- [Assignment] Could you restate every record below word for word?

- [Task inputs]
::::

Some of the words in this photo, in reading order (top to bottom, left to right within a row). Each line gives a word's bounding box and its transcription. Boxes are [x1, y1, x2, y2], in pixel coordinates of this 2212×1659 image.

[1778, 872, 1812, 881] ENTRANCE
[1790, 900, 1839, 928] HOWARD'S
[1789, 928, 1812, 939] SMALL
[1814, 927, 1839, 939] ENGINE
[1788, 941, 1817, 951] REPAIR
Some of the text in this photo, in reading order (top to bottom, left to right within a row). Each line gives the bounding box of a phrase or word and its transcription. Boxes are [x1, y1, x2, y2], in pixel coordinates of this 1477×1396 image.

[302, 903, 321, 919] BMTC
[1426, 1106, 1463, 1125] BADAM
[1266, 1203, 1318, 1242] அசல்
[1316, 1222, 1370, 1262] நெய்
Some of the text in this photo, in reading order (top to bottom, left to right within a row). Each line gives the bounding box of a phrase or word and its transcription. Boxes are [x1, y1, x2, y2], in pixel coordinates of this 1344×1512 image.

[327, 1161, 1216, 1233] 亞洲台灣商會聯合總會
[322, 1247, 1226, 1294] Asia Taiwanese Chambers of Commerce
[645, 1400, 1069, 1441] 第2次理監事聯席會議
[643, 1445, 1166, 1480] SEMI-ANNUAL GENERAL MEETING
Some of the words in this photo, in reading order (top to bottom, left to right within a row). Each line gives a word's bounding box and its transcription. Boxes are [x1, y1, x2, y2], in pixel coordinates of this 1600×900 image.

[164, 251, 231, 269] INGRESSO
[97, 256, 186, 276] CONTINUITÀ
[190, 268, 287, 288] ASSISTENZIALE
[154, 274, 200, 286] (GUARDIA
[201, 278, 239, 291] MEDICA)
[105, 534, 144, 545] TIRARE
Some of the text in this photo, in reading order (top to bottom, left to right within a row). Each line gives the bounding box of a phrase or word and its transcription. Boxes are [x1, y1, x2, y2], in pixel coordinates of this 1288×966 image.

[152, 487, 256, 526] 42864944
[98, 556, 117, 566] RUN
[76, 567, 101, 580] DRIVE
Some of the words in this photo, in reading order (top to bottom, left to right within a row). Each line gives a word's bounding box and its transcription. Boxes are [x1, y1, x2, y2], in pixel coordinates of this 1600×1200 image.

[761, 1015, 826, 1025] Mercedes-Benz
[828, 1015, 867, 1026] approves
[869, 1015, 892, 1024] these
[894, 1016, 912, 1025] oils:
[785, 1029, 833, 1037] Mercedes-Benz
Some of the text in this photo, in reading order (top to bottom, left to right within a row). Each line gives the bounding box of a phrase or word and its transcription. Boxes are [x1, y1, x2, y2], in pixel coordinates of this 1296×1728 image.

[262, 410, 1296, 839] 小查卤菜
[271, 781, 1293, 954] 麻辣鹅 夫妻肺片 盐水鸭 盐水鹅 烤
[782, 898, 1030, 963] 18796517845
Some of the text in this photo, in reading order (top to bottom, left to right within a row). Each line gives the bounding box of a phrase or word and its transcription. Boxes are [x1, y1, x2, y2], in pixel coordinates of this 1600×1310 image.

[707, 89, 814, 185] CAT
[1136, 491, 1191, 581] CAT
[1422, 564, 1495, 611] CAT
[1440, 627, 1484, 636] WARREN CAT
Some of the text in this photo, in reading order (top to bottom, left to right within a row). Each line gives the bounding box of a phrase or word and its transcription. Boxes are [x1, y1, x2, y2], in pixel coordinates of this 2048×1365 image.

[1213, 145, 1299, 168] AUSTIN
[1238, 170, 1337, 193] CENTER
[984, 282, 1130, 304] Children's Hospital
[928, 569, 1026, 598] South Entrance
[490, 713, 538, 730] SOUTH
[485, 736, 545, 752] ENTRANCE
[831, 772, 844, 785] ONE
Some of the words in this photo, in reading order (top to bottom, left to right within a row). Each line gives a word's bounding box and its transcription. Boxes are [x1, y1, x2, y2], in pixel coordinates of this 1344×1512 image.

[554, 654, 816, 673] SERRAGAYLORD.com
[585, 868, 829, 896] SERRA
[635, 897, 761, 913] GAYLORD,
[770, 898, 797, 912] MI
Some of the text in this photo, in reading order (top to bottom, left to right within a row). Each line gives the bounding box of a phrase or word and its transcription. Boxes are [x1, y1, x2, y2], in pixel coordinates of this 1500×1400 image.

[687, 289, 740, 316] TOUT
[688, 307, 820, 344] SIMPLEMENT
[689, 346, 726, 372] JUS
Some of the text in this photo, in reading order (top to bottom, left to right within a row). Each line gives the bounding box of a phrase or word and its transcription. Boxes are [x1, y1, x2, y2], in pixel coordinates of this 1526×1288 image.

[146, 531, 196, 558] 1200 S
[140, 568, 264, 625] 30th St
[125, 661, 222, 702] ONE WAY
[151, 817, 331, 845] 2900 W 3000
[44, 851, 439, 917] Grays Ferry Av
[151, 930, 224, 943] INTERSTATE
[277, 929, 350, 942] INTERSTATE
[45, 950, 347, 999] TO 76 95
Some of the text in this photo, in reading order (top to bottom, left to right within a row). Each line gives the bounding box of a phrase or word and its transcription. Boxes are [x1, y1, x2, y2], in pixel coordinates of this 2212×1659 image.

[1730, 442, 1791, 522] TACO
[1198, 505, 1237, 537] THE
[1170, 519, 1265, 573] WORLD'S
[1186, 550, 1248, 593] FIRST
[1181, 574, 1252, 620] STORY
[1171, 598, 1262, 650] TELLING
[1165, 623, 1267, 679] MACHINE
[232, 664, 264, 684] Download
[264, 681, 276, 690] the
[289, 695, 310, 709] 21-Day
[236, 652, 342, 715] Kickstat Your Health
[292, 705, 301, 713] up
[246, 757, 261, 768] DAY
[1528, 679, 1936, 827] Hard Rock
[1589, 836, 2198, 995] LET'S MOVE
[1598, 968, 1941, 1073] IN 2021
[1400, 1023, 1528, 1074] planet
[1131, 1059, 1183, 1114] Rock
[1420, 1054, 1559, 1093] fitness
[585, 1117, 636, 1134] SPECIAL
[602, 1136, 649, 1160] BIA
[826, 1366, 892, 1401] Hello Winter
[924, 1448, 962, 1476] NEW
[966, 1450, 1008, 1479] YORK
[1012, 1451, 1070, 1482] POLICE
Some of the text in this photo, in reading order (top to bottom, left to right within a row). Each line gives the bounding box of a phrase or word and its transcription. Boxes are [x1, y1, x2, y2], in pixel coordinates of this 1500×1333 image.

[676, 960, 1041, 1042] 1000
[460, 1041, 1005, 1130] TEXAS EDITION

::::

- [Response for this exercise]
Some of the words in this photo, in reading order (top to bottom, left to right within a row). Each line gives a word's bounding box and its transcription. Boxes are [x1, y1, x2, y2], in pixel coordinates of this 2212×1659 image.

[1778, 872, 1812, 881] ENTRANCE
[1790, 900, 1839, 928] HOWARD'S
[1789, 928, 1812, 939] SMALL
[1814, 927, 1839, 939] ENGINE
[1788, 941, 1817, 951] REPAIR
Some of the text in this photo, in reading order (top to bottom, left to right within a row). Each line gives the bounding box of a phrase or word and its transcription. Boxes are [x1, y1, x2, y2], in pixel coordinates of this 1477×1396 image.

[302, 903, 321, 919] BMTC
[1426, 1106, 1463, 1125] BADAM
[1266, 1203, 1318, 1242] அசல்
[1316, 1222, 1370, 1262] நெய்
Some of the text in this photo, in reading order (top to bottom, left to right within a row). Each line gives the bounding box of a phrase or word and its transcription. Boxes are [x1, y1, x2, y2], in pixel coordinates of this 1344×1512 image.

[327, 1161, 1216, 1233] 亞洲台灣商會聯合總會
[322, 1247, 1226, 1294] Asia Taiwanese Chambers of Commerce
[645, 1400, 1069, 1441] 第2次理監事聯席會議
[643, 1445, 1166, 1480] SEMI-ANNUAL GENERAL MEETING
Some of the words in this photo, in reading order (top to bottom, left to right within a row). Each line gives a word's bounding box and its transcription. Boxes are [x1, y1, x2, y2], in pixel coordinates of this 1600×900 image.

[164, 251, 231, 269] INGRESSO
[97, 256, 186, 276] CONTINUITÀ
[190, 268, 287, 288] ASSISTENZIALE
[154, 274, 200, 286] (GUARDIA
[201, 278, 239, 291] MEDICA)
[105, 534, 144, 545] TIRARE
Some of the text in this photo, in reading order (top to bottom, left to right within a row). Each line gives the bounding box of a phrase or word and its transcription. Boxes are [x1, y1, x2, y2], in pixel coordinates of this 1288×966 image.

[152, 487, 256, 526] 42864944
[98, 556, 117, 566] RUN
[76, 567, 101, 580] DRIVE
Some of the words in this photo, in reading order (top to bottom, left to right within a row). Each line gives a word's bounding box and its transcription. Boxes are [x1, y1, x2, y2], in pixel coordinates of this 1600×1200 image.

[761, 1015, 826, 1025] Mercedes-Benz
[828, 1015, 867, 1026] approves
[869, 1015, 892, 1024] these
[894, 1016, 912, 1025] oils:
[785, 1029, 833, 1037] Mercedes-Benz
Some of the text in this photo, in reading order (top to bottom, left to right within a row). Each line gives the bounding box of a phrase or word and its transcription. Boxes are [x1, y1, x2, y2], in pixel coordinates of this 1296×1728 image.

[262, 410, 1296, 839] 小查卤菜
[271, 781, 1293, 954] 麻辣鹅 夫妻肺片 盐水鸭 盐水鹅 烤
[782, 898, 1030, 963] 18796517845
Some of the text in this photo, in reading order (top to bottom, left to right within a row). Each line gives the bounding box of a phrase or word and its transcription. Boxes are [x1, y1, x2, y2], in pixel coordinates of this 1600×1310 image.

[707, 89, 814, 185] CAT
[1136, 491, 1191, 581] CAT
[1422, 564, 1495, 611] CAT
[1440, 627, 1484, 636] WARREN CAT
Some of the text in this photo, in reading order (top to bottom, left to right within a row). Each line gives the bounding box of a phrase or word and its transcription. Boxes are [x1, y1, x2, y2], in pixel coordinates of this 2048×1365 image.

[1213, 145, 1299, 168] AUSTIN
[1238, 170, 1337, 193] CENTER
[984, 282, 1130, 304] Children's Hospital
[928, 569, 1026, 598] South Entrance
[490, 713, 538, 730] SOUTH
[485, 736, 545, 752] ENTRANCE
[831, 772, 844, 785] ONE
Some of the words in this photo, in reading order (top to bottom, left to right within a row). Each line gives a word's bounding box and its transcription. Boxes are [x1, y1, x2, y2], in pixel coordinates of this 1344×1512 image.

[554, 654, 816, 673] SERRAGAYLORD.com
[585, 868, 829, 896] SERRA
[635, 897, 761, 913] GAYLORD,
[770, 898, 797, 912] MI
Some of the text in this photo, in reading order (top to bottom, left to right within a row). Each line gives the bounding box of a phrase or word and its transcription. Boxes are [x1, y1, x2, y2], in pixel coordinates of this 1500×1400 image.

[687, 289, 740, 316] TOUT
[688, 307, 820, 344] SIMPLEMENT
[689, 346, 726, 372] JUS
Some of the text in this photo, in reading order (top to bottom, left to right within a row). Each line gives the bounding box of a phrase or word and its transcription. Boxes are [x1, y1, x2, y2], in pixel coordinates of this 1526×1288 image.

[146, 531, 196, 558] 1200 S
[140, 568, 264, 625] 30th St
[125, 661, 222, 702] ONE WAY
[151, 817, 331, 845] 2900 W 3000
[44, 851, 439, 917] Grays Ferry Av
[151, 930, 224, 943] INTERSTATE
[277, 929, 350, 942] INTERSTATE
[45, 950, 347, 999] TO 76 95
Some of the text in this photo, in reading order (top to bottom, left to right within a row). Each line gives the bounding box of a phrase or word and its transcription. Boxes are [x1, y1, x2, y2], in pixel coordinates of this 2212×1659 image.

[1730, 442, 1791, 522] TACO
[1198, 505, 1237, 537] THE
[1170, 519, 1265, 573] WORLD'S
[1186, 550, 1248, 593] FIRST
[1181, 574, 1252, 620] STORY
[1171, 598, 1262, 650] TELLING
[1165, 623, 1267, 679] MACHINE
[232, 664, 264, 684] Download
[264, 681, 276, 690] the
[289, 695, 310, 709] 21-Day
[236, 652, 342, 715] Kickstat Your Health
[292, 705, 301, 713] up
[246, 757, 261, 768] DAY
[1528, 679, 1936, 827] Hard Rock
[1589, 836, 2198, 995] LET'S MOVE
[1598, 968, 1941, 1073] IN 2021
[1400, 1023, 1528, 1074] planet
[1131, 1059, 1183, 1114] Rock
[1420, 1054, 1559, 1093] fitness
[585, 1117, 636, 1134] SPECIAL
[602, 1136, 649, 1160] BIA
[826, 1366, 892, 1401] Hello Winter
[924, 1448, 962, 1476] NEW
[966, 1450, 1008, 1479] YORK
[1012, 1451, 1070, 1482] POLICE
Some of the text in this photo, in reading order (top to bottom, left to right within a row). Each line gives the bounding box of a phrase or word and its transcription. Boxes are [x1, y1, x2, y2], in pixel coordinates of this 1500×1333 image.

[676, 960, 1041, 1042] 1000
[460, 1041, 1005, 1130] TEXAS EDITION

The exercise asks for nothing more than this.